I pull three books from the shelf: Walk Two Moons by Sharon Creech, Astonishments: Selected Poems by Anna Kamienska, and a third, a book about the Enneagram. I walk them over to my white chair next to a window, sit down, and set them on my lap. Then, I promptly get back up and walk to my phone and return with it to my chair.
“You wanna feel better about your classroom management and discipline skills?” I am texting my friend, Stephanie. “I said, ‘bullshit’ to my 6th graders today.”
Stephanie is a poet and a fellow middle school teacher. We met a few years ago and I like to think we are the female versions of Tolkien and C.S. Lewis. Our friendship was formed from a deep love of stories and language, teaching and wit, and pints of Guinness and baked goods.
“Oh, boy,” Stephanie texts back. “That must’ve been so satisfying.”
I love Stephanie for many reasons, but one of them is she doesn’t use emojis and never texts, “LOL.”
“I’m surprised we don’t use profanity more frequently,” she adds.
Something loosens within me, and I pick up Astonishments, and look for Anna’s gratitude poem. I remember a verse in it about gratitude being homeless and I want to share that with Stephanie.
Once I find it, I bend the crease so the book lays flat.
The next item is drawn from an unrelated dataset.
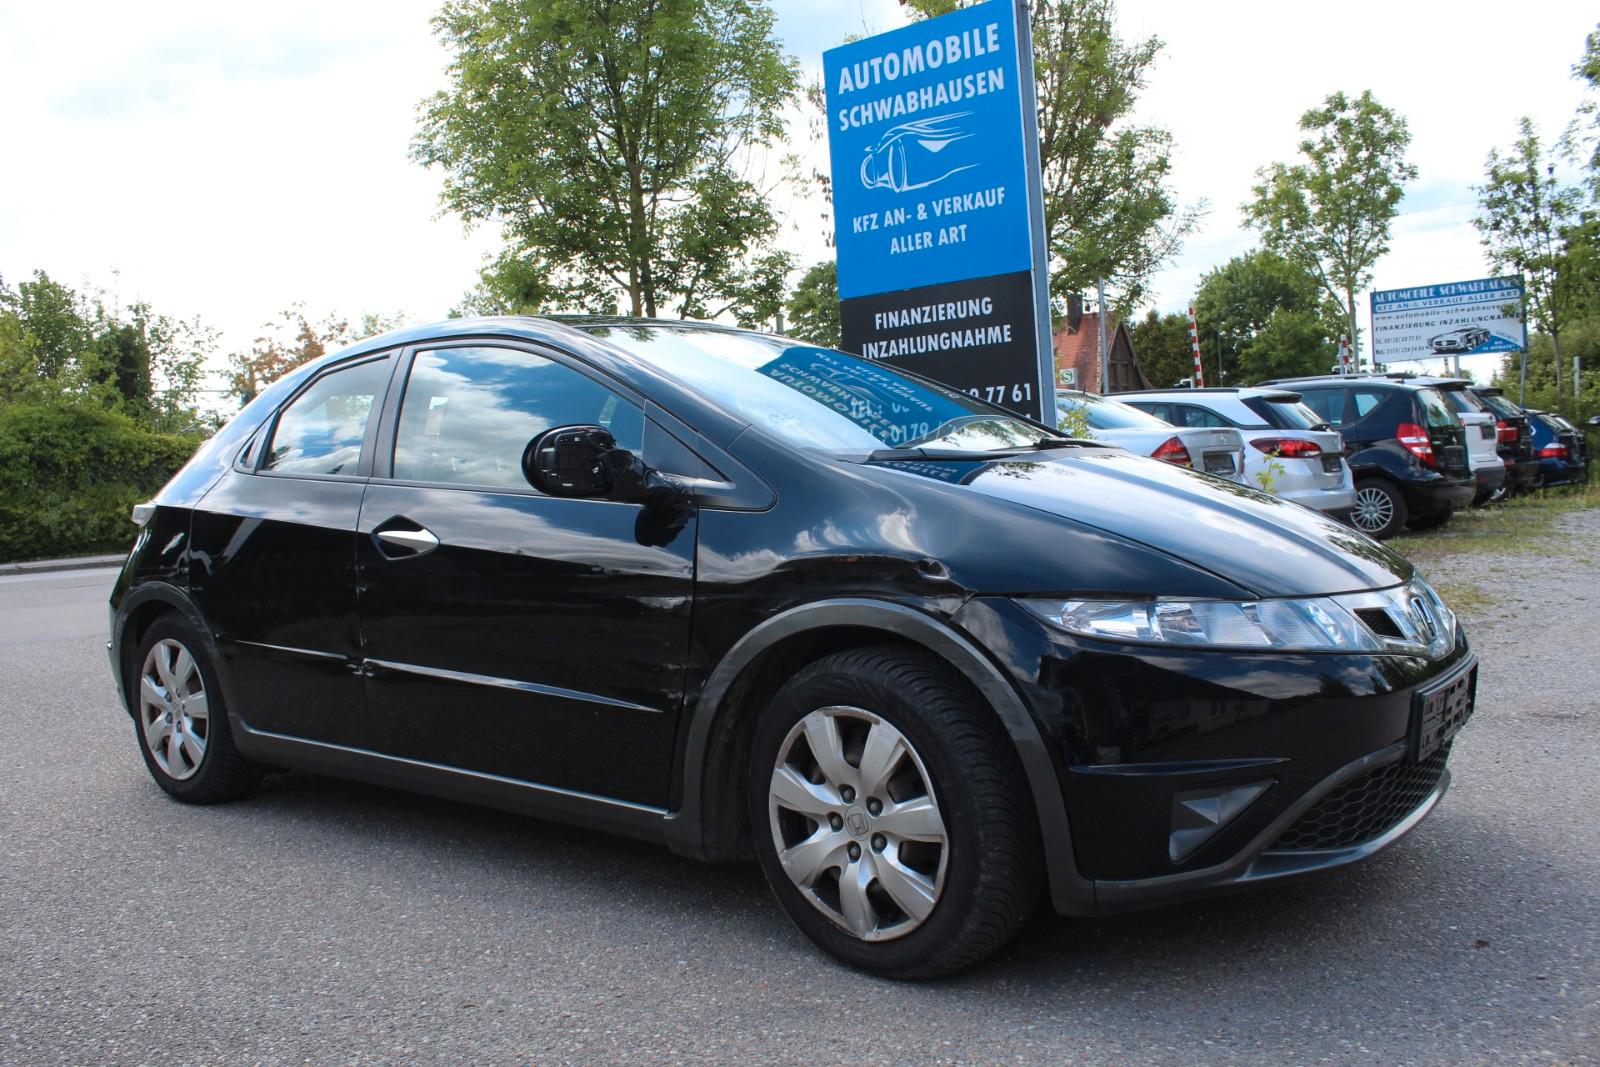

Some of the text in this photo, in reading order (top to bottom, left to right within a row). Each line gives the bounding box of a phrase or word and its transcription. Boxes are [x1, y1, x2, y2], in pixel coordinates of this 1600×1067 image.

I’ve been told I’m not very nice to books. I underline authors’ words—in pen—I write in the margins, I write the date every time I read a book or poem, but my worst offense is the way I treat the spines. A book I read ought to have the sturdiest of spines, because if I love the story I’m taking everything I can from it, and cracking and creasing the spine is my way of getting as close to the words as I can in the hopes I’m molded by them in some way.
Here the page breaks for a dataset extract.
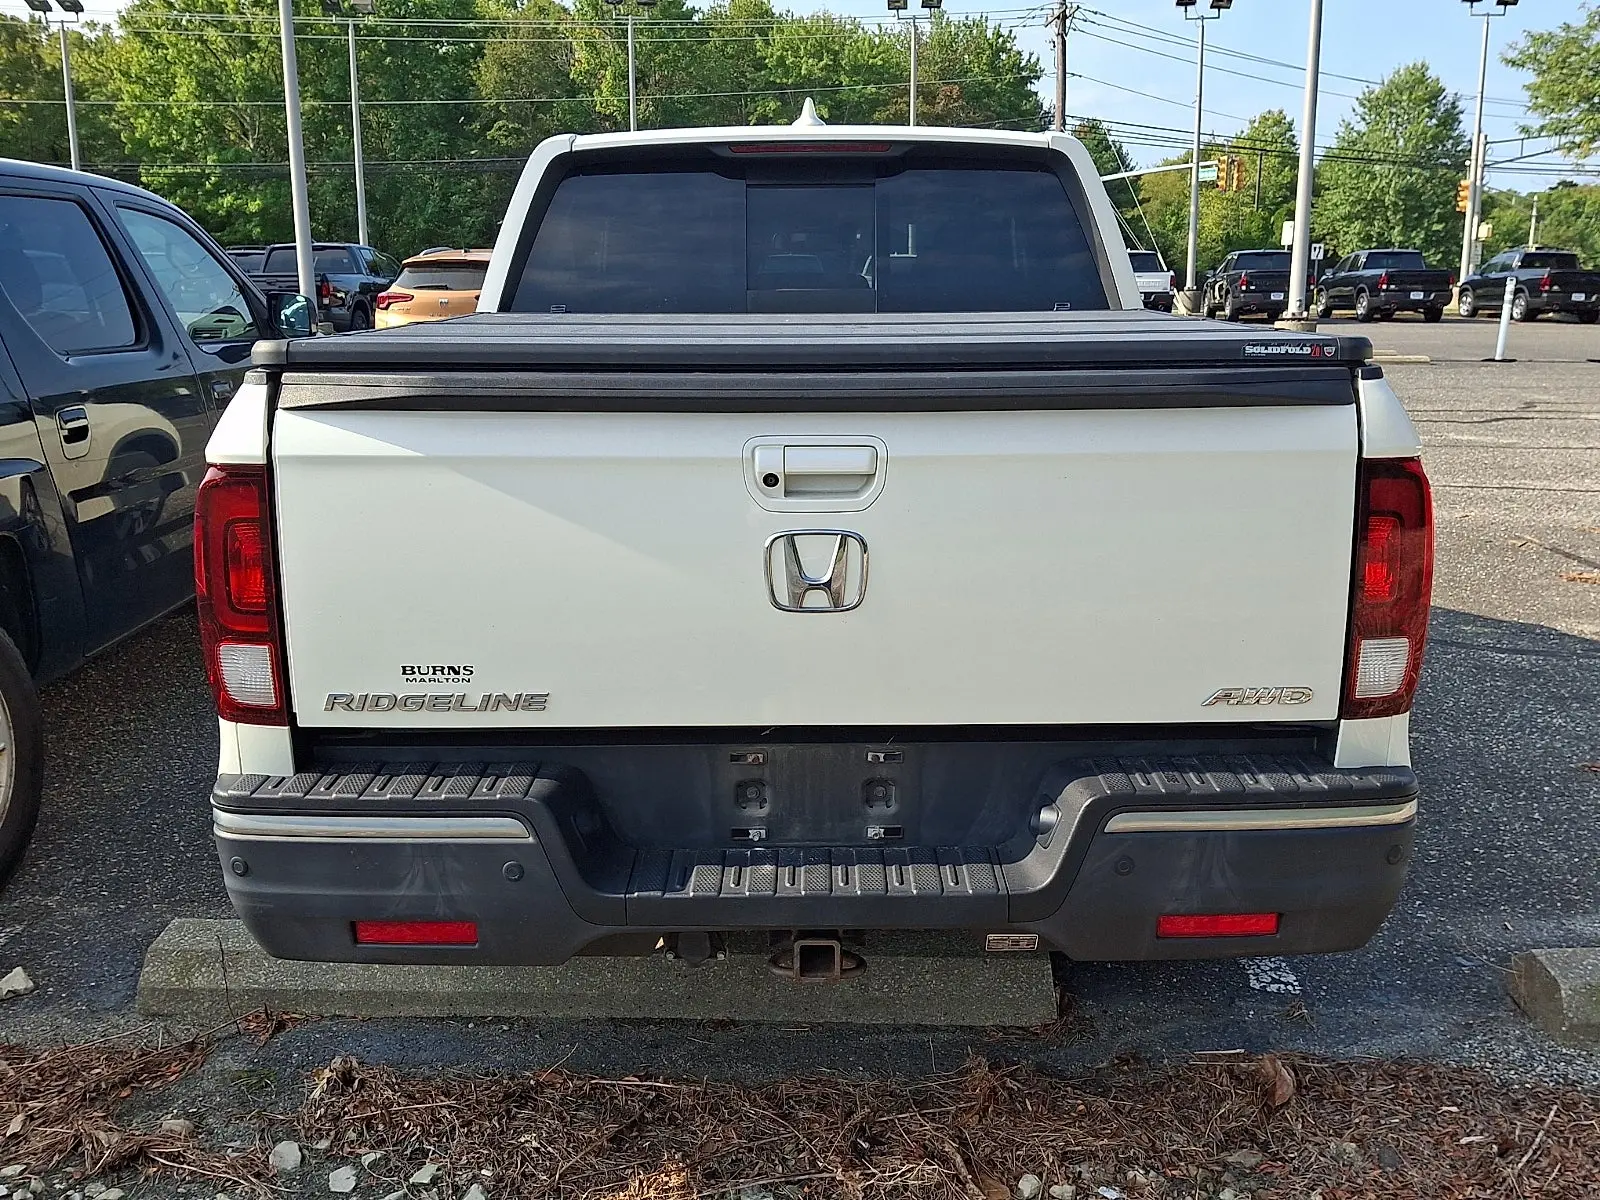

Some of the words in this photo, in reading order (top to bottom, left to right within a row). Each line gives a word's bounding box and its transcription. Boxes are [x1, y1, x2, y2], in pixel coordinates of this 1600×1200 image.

[1244, 345, 1311, 354] SOLIDFOLD
[400, 665, 474, 676] BURNS
[323, 692, 550, 712] RIDGELINE
[1201, 686, 1313, 706] AWD
“Do you know any of Anna Kamienska’s poetry? Astonishments is my favorite,” I text Stephanie. “I’ve been contemplating the last two lines of her ‘Gratitude’ poem: ‘Gratitude is a scattered / homeless love.’”
I found those lines recently when I was looking for something else and I paused, reading them. Nothing else from the poem was underlined except those two lines, and I didn’t write anything in the margins. I must’ve underlined the words because I liked them. It would’ve happened in winter of 2013 and I would’ve either been in a carrel at the Germantown Public Library, or in a cottage on Whidbey Island. I was reading Anna’s poetry for graduate school and it felt like I was being doused with words and was drowning in stories. It was an unsettling time trying to learn and do what I loved, and looking at Anna’s thoughts on gratitude must’ve soothed me. Reading them again now, I think I must’ve been relieved to know being thankful happens in a scattered, confusing way. Gratitude knows no home. It doesn’t stay in one place.
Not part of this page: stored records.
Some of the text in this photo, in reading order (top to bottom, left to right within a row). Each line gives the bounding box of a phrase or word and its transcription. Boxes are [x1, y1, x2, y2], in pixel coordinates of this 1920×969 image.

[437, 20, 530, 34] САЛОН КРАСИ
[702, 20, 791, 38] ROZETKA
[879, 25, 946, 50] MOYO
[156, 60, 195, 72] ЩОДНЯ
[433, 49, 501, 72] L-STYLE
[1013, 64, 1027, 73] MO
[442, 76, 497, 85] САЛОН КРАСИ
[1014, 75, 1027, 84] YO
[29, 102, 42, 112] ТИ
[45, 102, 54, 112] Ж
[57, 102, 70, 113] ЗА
“That’s lovely,” Stephanie texts back.
I shift and look out the window. Two neighbor ladies stand outside of their homes and talk. I pick at the hem of my sweatpants and watch them. We haven’t lived here long, but I can tell they’re old friends. One of them has a bench in her front yard and the other walks over and sits with her; their two dogs prance around while the women talk. I’ve seen them working in each other’s yards, or walking around the neighborhood. They seem to be the kind of neighbors that meet in each other’s kitchens for coffee or bring over measuring cups of sugar for a cake one of them is trying to bake.
Jesse comes downstairs, walks into the kitchen, and opens the fridge.
“I took out leftover chili from the freezer,” I say.
“Perfect,” he says, and finds the Tupperware and pulls it from the fridge. I can hear him placing the chili in a pot and setting it on the stove.
I go back to Anna’s poetry and flip through her pages, reading her words, but also mine: what I underlined and the notes I wrote. I’m looking for something I knew once and have forgotten about. Something I can use now. Something leftover. “She’s giving us the world but it’s a messy world,” I wrote in the margin of “The Other World.” I remember writing that, but they’re not my words. Jeanne Murray Walker told me this about Anna’s poem. She walked me through this poem, and I remember she had on a jeans jacket and something yellow, maybe it was a scarf, and I remember she was so good to listen to. “Everything has a duality to it,” she said, and I wrote that down, too. I remember thinking I wanted to give people a world that is messy, but also show that mess has another side. I remember possibility burning inside of me.
I continue to flip through Anna’s book. In the back are excerpts from the notebooks she kept, and they read like poetry to me. I don’t think I have any notes in the margins, just lots of underlines, starts, a few hearts next to her phrases. I circled “laborious astonishments,” and seeing that, I remembered: the wind of Whidbey Island, sailing along the Whale Trail to Port Townsend. I remembered teaching across the hall from Stephanie, discussing Tolkien with utter joy and bafflement. I remembered walking through used bookstores with her searching for the perfect book for each of our students. I think of the snowflake eel in the library. I feel so fragmented, so scattered, so confused, but I am remembering, and remembering, I am grateful.
“Astonishments is my go-to book of poetry,” I tell Stephanie. I look out the window to see if the neighbor ladies are still outside. They are, sitting on the bench while their dogs play.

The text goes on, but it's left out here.